Nur könnte hier der Besitzer einer Nimslo-Kamera seine eigenen Tiefenbilder so einfach wie normale Fotos aufnehmen. Aber das Bildergebnis läßt sich dann entweder in der Tasche mitnehmen oder in ein Album kleben -eben das anfänglich erwähnte Raumbild-Album.
Für den Massenmarkt ist natürlich auch die Preisvorstellung wichtig. Nimslo denkt hier an einen Kostenpunkt zwischen dem Preis eines herkömmlichen im Großlabor gefertigten Colorbildes von z. B. 9 x 13 cm und einem Sofortbild nach dem Polaroid- oder Kodak-System. In England entspräche das einem Preis von £ 0,35 bis £ 0,40 pro Bild (ca. DM 1,60). Kamerapreise sollen - zumindest anfänglich - um £ 200,oder DM 800,- liegen.
Fazit
Mit den vier Objektiven und daher mit vier (anstatt sieben) Teilbildern pro Aufnahmeserie ist die Tiefenwirkung zweifellos beschränkter als bei Aufnahmen mit dem Computrack. Bei diesen einfachen Kameras sind auch die Objektivabstände nicht verstellbar - eine wirklich gute Tiefenwirkung kann der Amateur mit diesen Kameras nur in einem oder zwei verhältnismäßig beschränkten Entfernungsbereichen erwarten.
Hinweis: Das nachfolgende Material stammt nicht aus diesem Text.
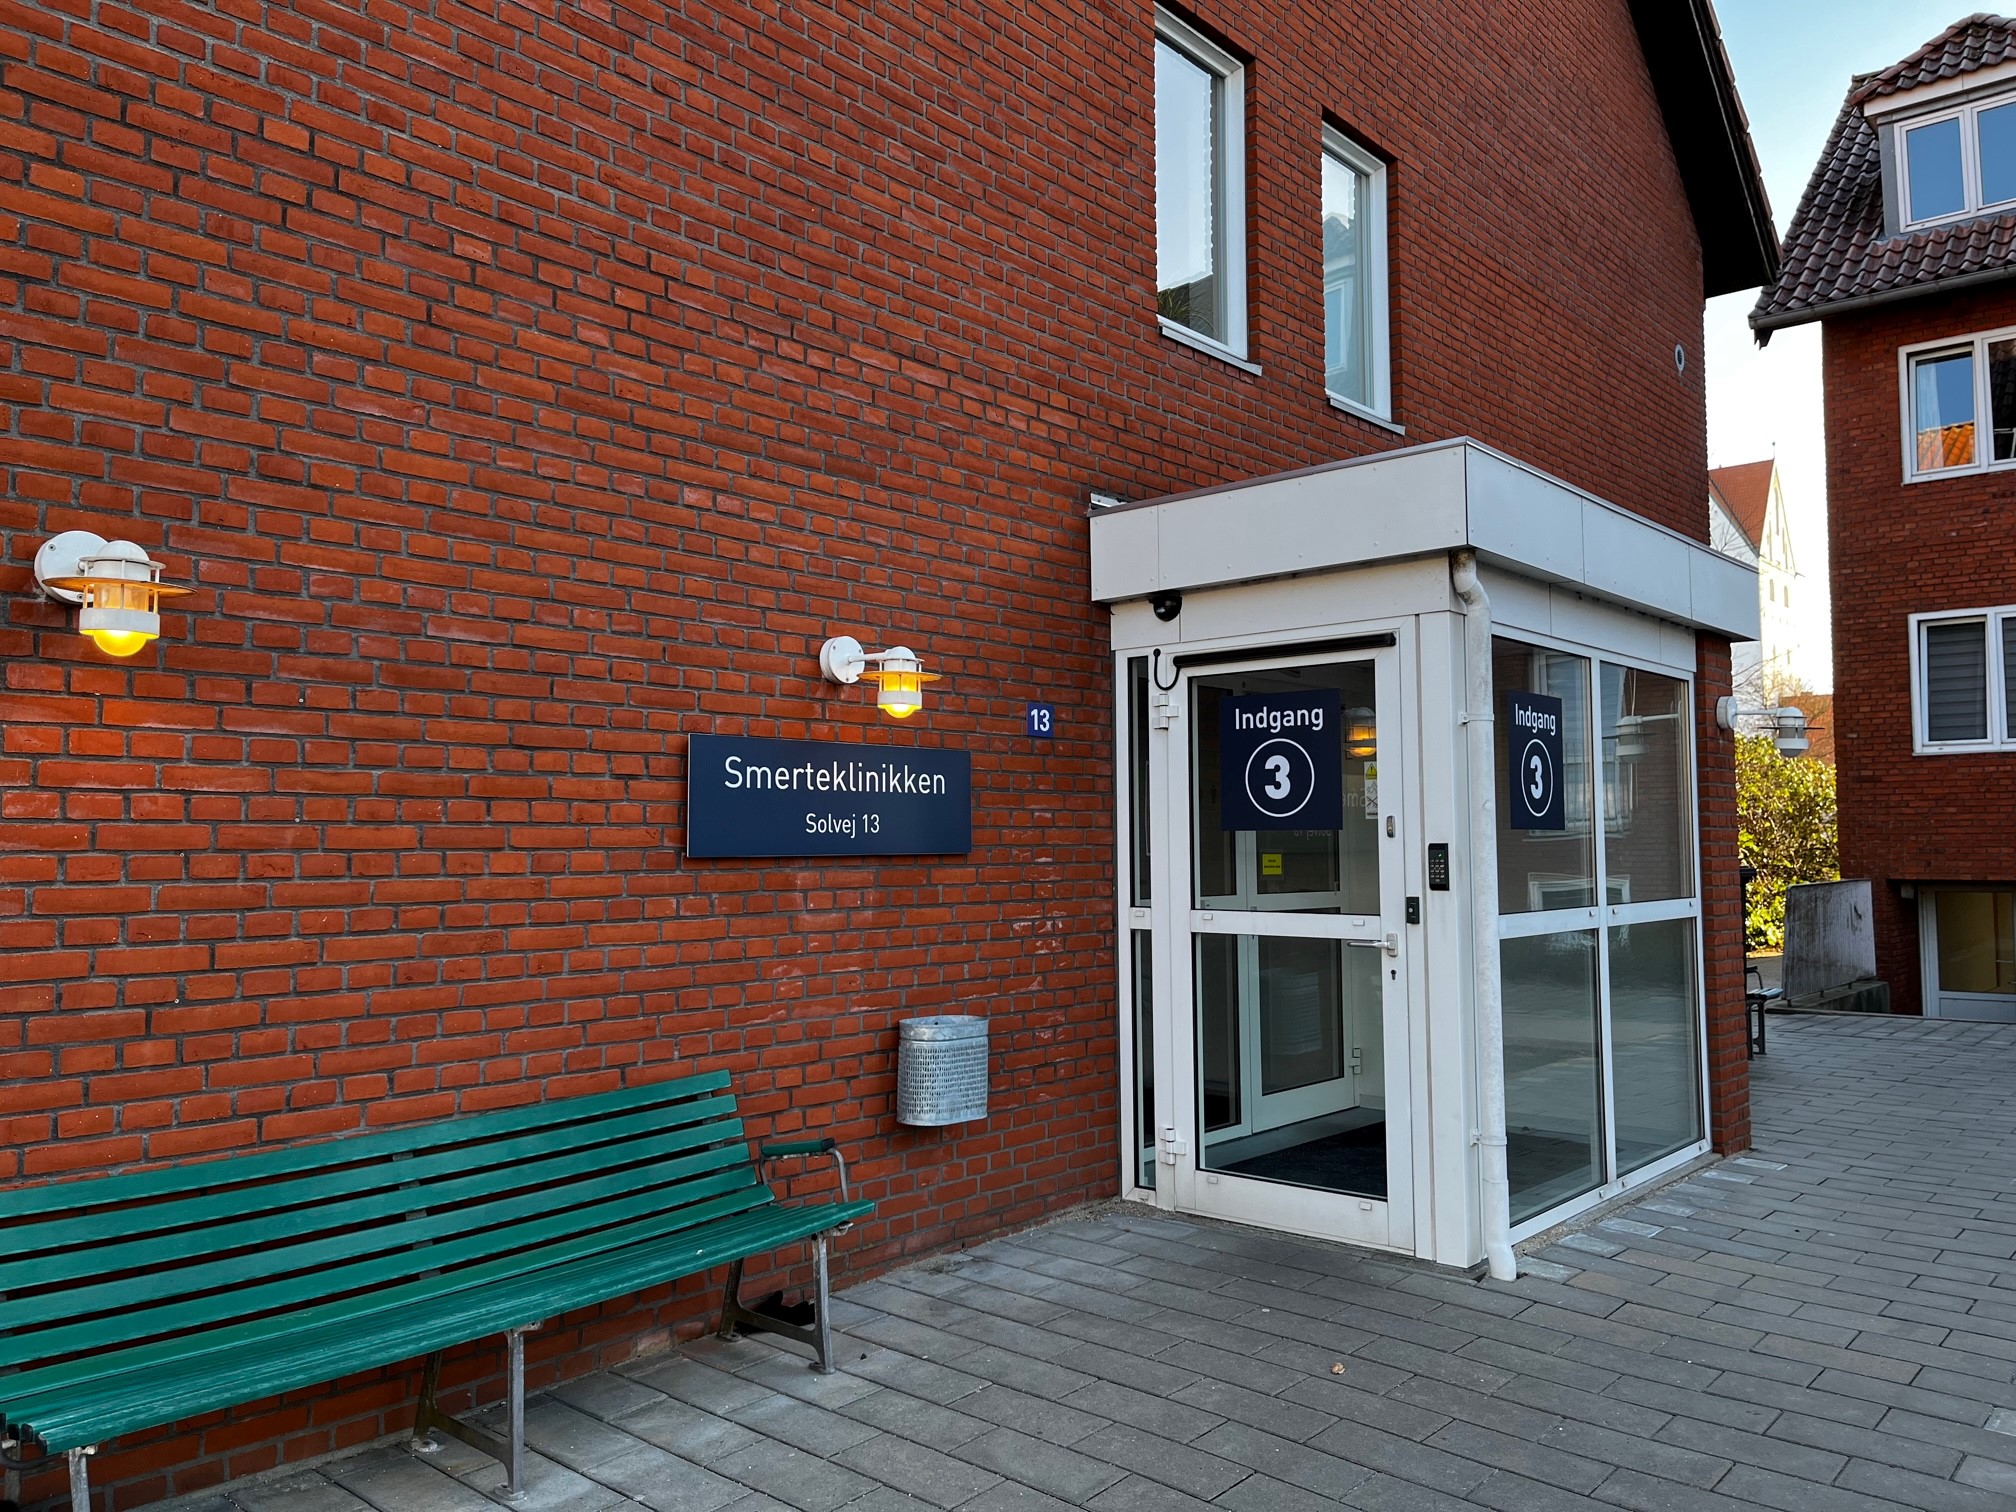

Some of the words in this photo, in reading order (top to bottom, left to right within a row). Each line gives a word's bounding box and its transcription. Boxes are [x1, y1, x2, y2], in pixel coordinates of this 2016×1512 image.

[1030, 708, 1050, 732] 13
[1235, 706, 1324, 734] Indgang
[1515, 703, 1556, 736] Indgang
[724, 755, 946, 795] Smerteklinikken
[1264, 754, 1291, 800] 3
[1530, 754, 1543, 800] 3
[805, 812, 856, 839] Solvej
[862, 813, 880, 834] 13
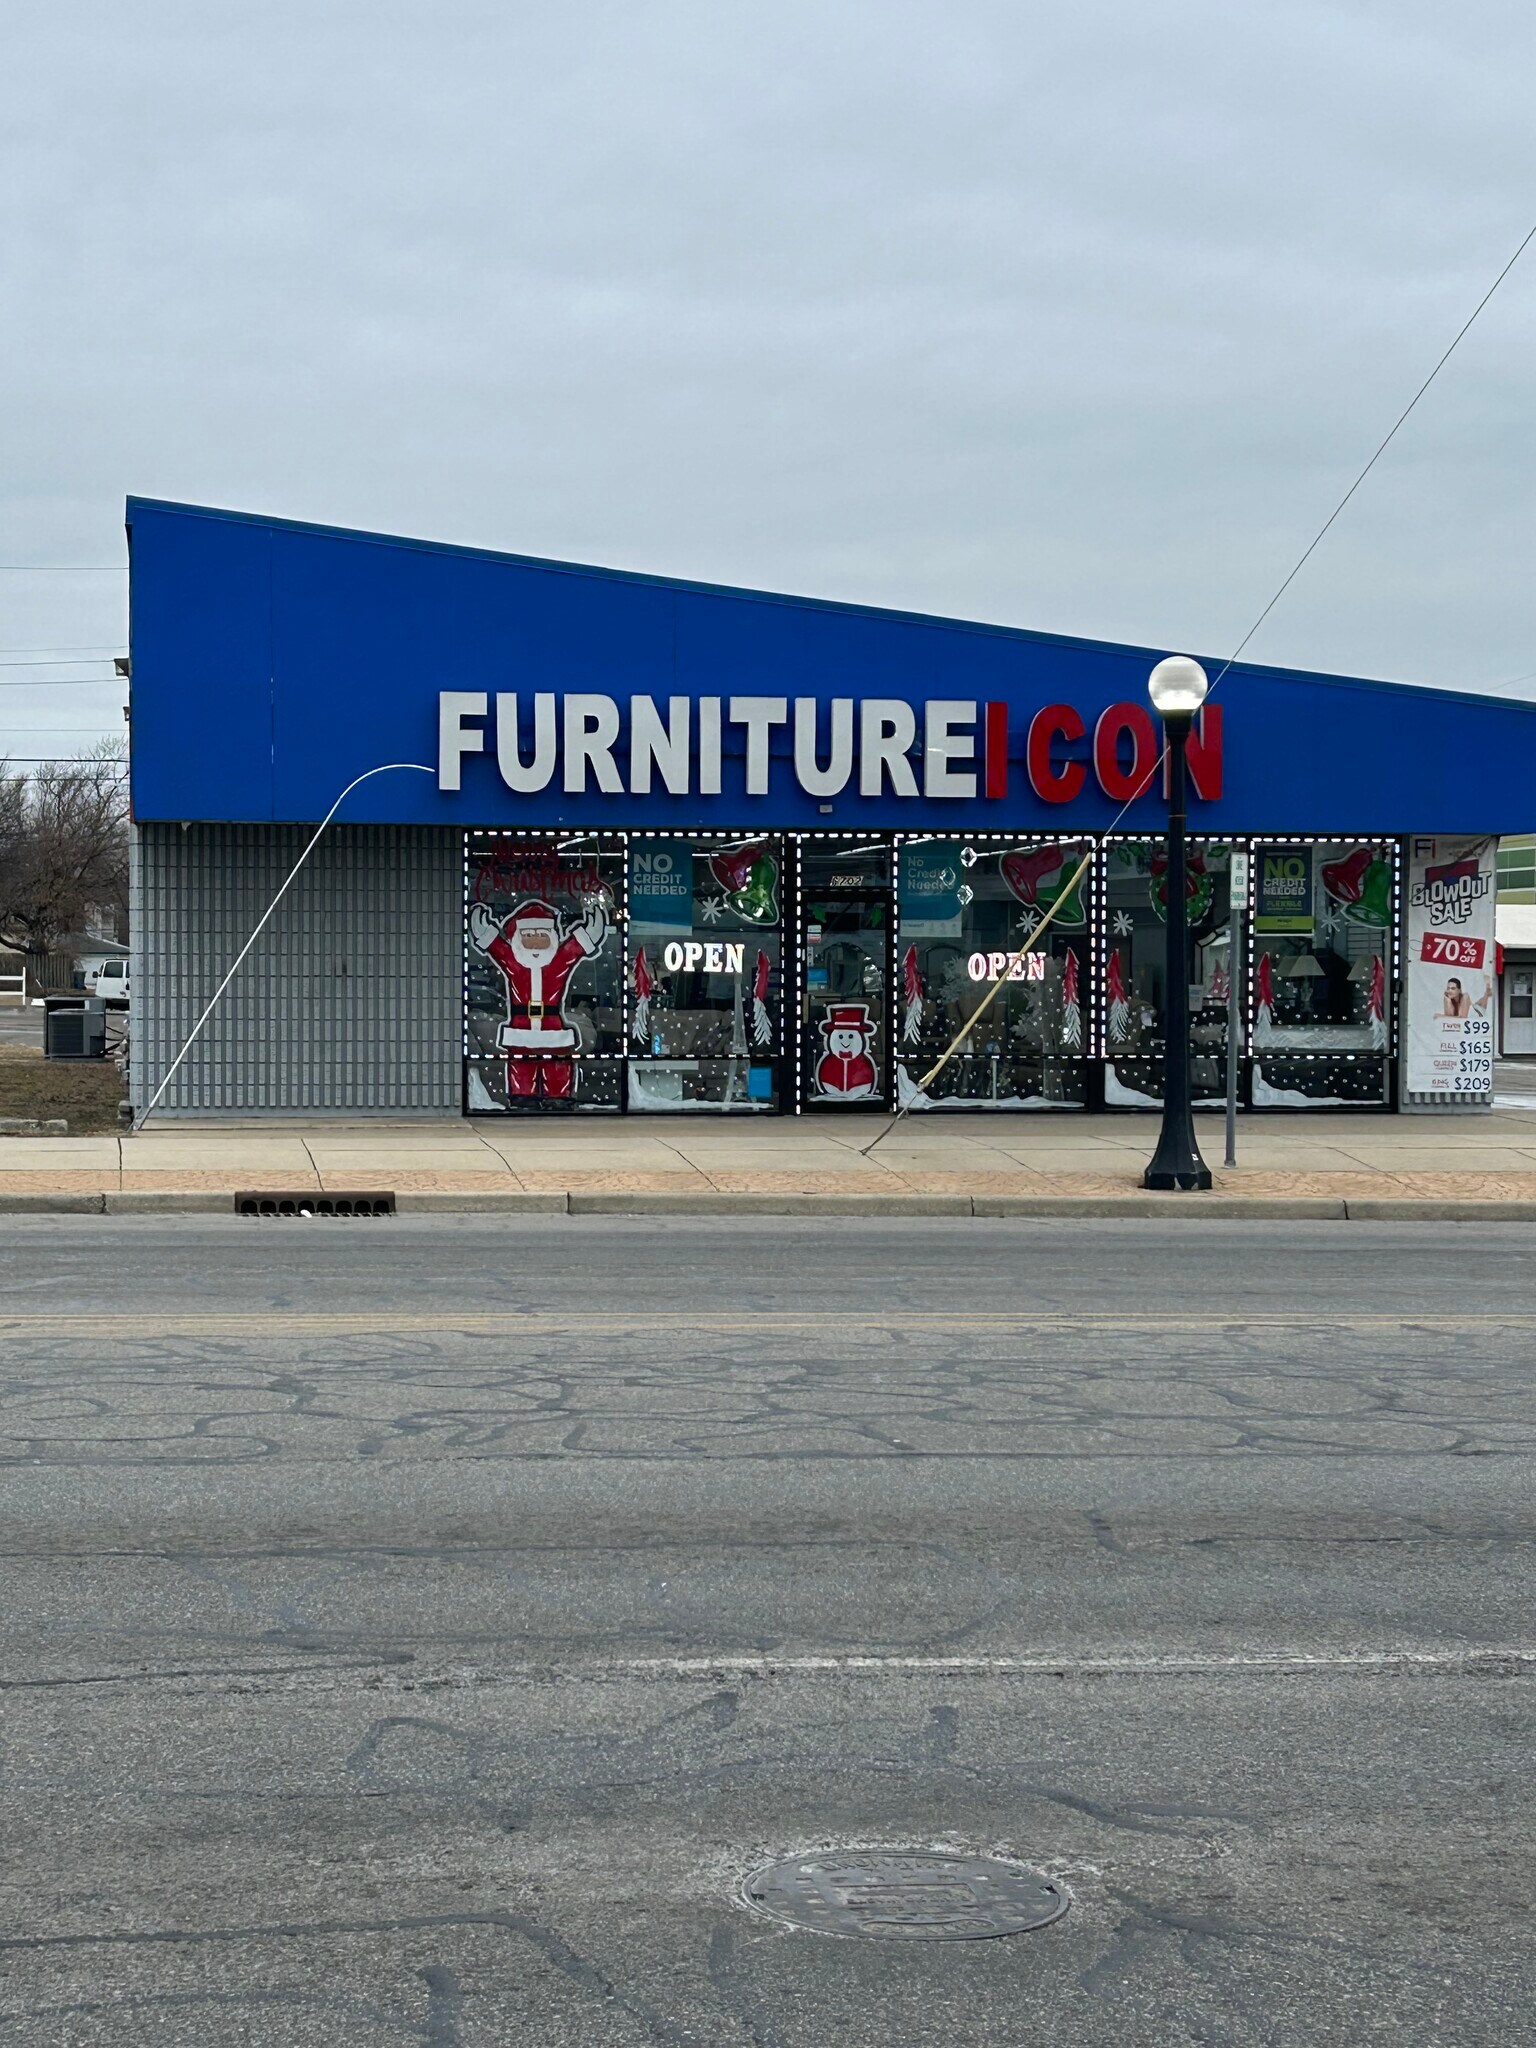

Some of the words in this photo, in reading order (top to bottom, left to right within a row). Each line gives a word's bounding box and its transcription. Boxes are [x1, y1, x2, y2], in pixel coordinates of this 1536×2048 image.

[439, 691, 976, 797] FURNITURE
[985, 701, 1223, 803] ICON
[634, 853, 673, 873] NO
[908, 857, 924, 867] No
[1264, 857, 1305, 880] NO
[633, 873, 682, 884] CREDIT
[1263, 878, 1306, 887] CREDIT
[633, 885, 687, 895] NEEDED
[1263, 887, 1306, 896] NEEDED
[1411, 870, 1492, 907] BLOWOUT
[1430, 897, 1472, 926] SALE
[664, 941, 745, 973] OPEN
[1460, 955, 1477, 963] OFF
[968, 951, 1047, 981] OPEN
[1464, 1020, 1490, 1034] $99
[1459, 1041, 1491, 1055] $165
[1460, 1058, 1490, 1072] $179
[1454, 1076, 1491, 1090] $209
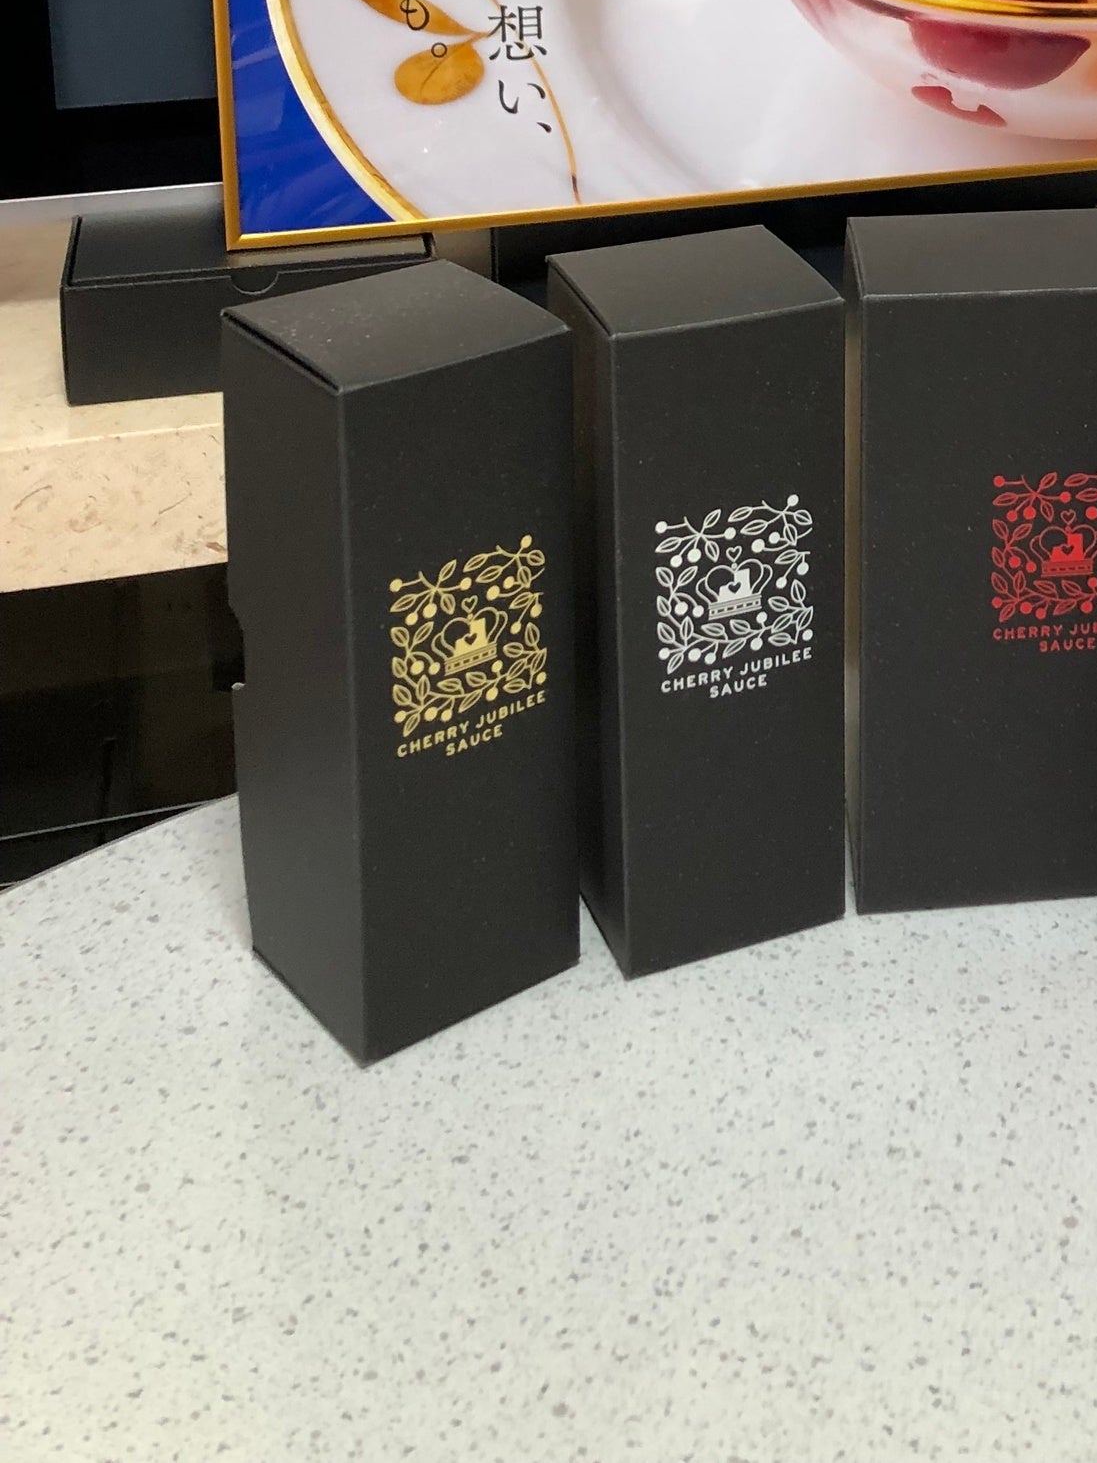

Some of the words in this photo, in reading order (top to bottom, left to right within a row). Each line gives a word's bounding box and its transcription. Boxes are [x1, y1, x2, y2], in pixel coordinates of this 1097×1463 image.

[992, 624, 1063, 640] CHERRY
[1039, 637, 1097, 653] SAUCE
[660, 665, 734, 693] CHERRY
[740, 646, 812, 676] JUBILEE
[709, 674, 768, 698] SAUCE
[396, 720, 470, 758] CHERRY
[475, 689, 546, 730] JUBILEE
[445, 724, 503, 756] SAUCE
Andererseits ist die Kamera so zu konzipieren, daß diese Entfernungsbereiche mit den wichtigsten vom Amateur bevorzugten Motiven (z. B. mittlere Portrait- und Gruppenaufnahmen) übereinstimmen.
Wird ein Massenmarkt für populäre Tiefenbilder dieser Art zu haben sein? Das will Nimslo evtl. mit ihren Kameraprototypen auf der nächsten photokina testen.
Man darf gespannt sein, ob es eine Wiedergeburt der Stereofotografie geben wird.